Lo central no es eso sino que, al haberse jugado a mezclar el culo con la llovizna de semejante forma, Macri refleja la decisión de priorizar a su núcleo duro sobre algún discurso apenas más amplio. En otras palabras, no confía en que esté asegurada, siquiera, su porción de incondicionales.
Lo segundo es que desde el Gobierno y sus voceros salieron a esgrimir que las PASO no tienen razón de ser, siendo que, salvo en algunas fronteras del abajo de las listas, nadie compite.
Obviedad absoluta, arguyen lo caro que sale hacer una virtual encuesta.
Tampoco es eso.
Es que si se eliminaran las primarias retardarían el clima de derrota, prendiéndole todas las velas a un despunte económico que en lugar de agosto arribara en octubre.
El adelanto de ese contexto fue la designación de Miguel Angel Pichetto como compañero de fórmula presidencial.
Previo al cierre de nombres y ubicaciones electivas, empezaron a demostrarse los cortos alcances de tal maniobra. Falsamente, y como ya se analizó aquí la semana pasada, Pichetto fue presentado como un abridor de puertas peronistas.
Estos días irradiaron que, por fuera del palacio legislativo donde resultó un sumiso y eficaz operario de cuanto oficialismo le tocara en suerte, el senador no tiene la capacidad articulatoria proyectada antes en la propaganda que en el imaginario oficialista.
Esa proyección no fue ni es otra cosa que la imagen de amplitud exigida a los cambiemitas. Macri, Peña, Durán Barba y Cía. debieron tomar nota de que insistir con el “purismo” Pro los conducía a la derrota con toda seguridad. Por tanto, aspirar a “peronizarse” en dosis reguladas se mostró como movida única.

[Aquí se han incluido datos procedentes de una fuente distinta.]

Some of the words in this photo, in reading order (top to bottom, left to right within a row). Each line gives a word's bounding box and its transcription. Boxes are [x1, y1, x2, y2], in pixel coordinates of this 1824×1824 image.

El extinto Cambiemos, como eufemismo exclusivo de Casa Rosada porque los radicales quedaron reducidos, casi, a categoría de cadetes, nunca creyó seriamente en que Pichetto allegaría voluntades otrora impensadas.
Sólo se trató de exhibir, frente a los factores de poder internacionales que obsesionan al macrismo, que el Gobierno está dispuesto a una rosca superadora de encerrarse en sí mismo. De allí para adelante, vender que el dólar quieto y la estabilización del riesgo-país son consecuencia de haber agregado a un… peronista.

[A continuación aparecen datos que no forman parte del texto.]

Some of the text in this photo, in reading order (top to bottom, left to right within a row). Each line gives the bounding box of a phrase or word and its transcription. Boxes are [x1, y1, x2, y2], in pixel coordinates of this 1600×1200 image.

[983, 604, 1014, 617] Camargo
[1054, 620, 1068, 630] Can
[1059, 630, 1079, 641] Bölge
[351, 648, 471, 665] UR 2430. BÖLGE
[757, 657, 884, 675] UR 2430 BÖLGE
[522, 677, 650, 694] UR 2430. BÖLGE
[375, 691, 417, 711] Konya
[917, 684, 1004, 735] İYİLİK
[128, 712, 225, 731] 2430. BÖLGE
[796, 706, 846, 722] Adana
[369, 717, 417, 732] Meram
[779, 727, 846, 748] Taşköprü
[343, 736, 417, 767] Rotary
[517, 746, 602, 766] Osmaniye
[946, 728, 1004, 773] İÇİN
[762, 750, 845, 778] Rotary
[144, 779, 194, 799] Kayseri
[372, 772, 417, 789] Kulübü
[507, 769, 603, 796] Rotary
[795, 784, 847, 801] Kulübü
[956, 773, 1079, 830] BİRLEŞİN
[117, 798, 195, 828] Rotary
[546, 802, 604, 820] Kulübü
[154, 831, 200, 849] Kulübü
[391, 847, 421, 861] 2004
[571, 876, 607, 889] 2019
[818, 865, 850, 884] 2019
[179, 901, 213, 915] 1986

Lo que Pichetto ratificó en verdad es su muñeca ajena.
Es producto de esa táctica cambiemita, surgida del manotazo de ahogado y no de una ejecución elaborada hace tiempo. Con, además, el riesgo de que una porción del gorilaje eterno opte por no comerse ese batracio. No, al menos, en una primera vuelta que podría determinar la victoria derecho viejo de Fernández y Fernández.
Trasunta gracioso que los colegas macristas hablen de los sapos que se tiene que tragar el kirchnerismo. Lo de ellos viene a ser un congreso de anfibios, resumidos en la figura de Pichetto tras haberse desgañitado contra el peronismo como símbolo del fracaso de los últimos 70 años. Que recientemente pasaron a ser 80, nadie sabe por qué.
En síntesis, lo único que habría conseguido formalmente el Rasputín Pichetto, en su semana inicial y decisiva para tirar algún siete bravo (suponiendo, con grandilocuencia, que pueda adjudicarse a sus gestiones), es una media docena de provincias que llevarán boleta corta a las candidaturas parlamentarias nacionales.
El único de esos distritos con relevancia numérica es Córdoba, y en todos los casos no se garantiza ni por asomo que dejar libre la elección a Presidente implica votar a Macri. Es muy probable que ocurra lo contrario excepto, eventual y justamente, por los cordobeses.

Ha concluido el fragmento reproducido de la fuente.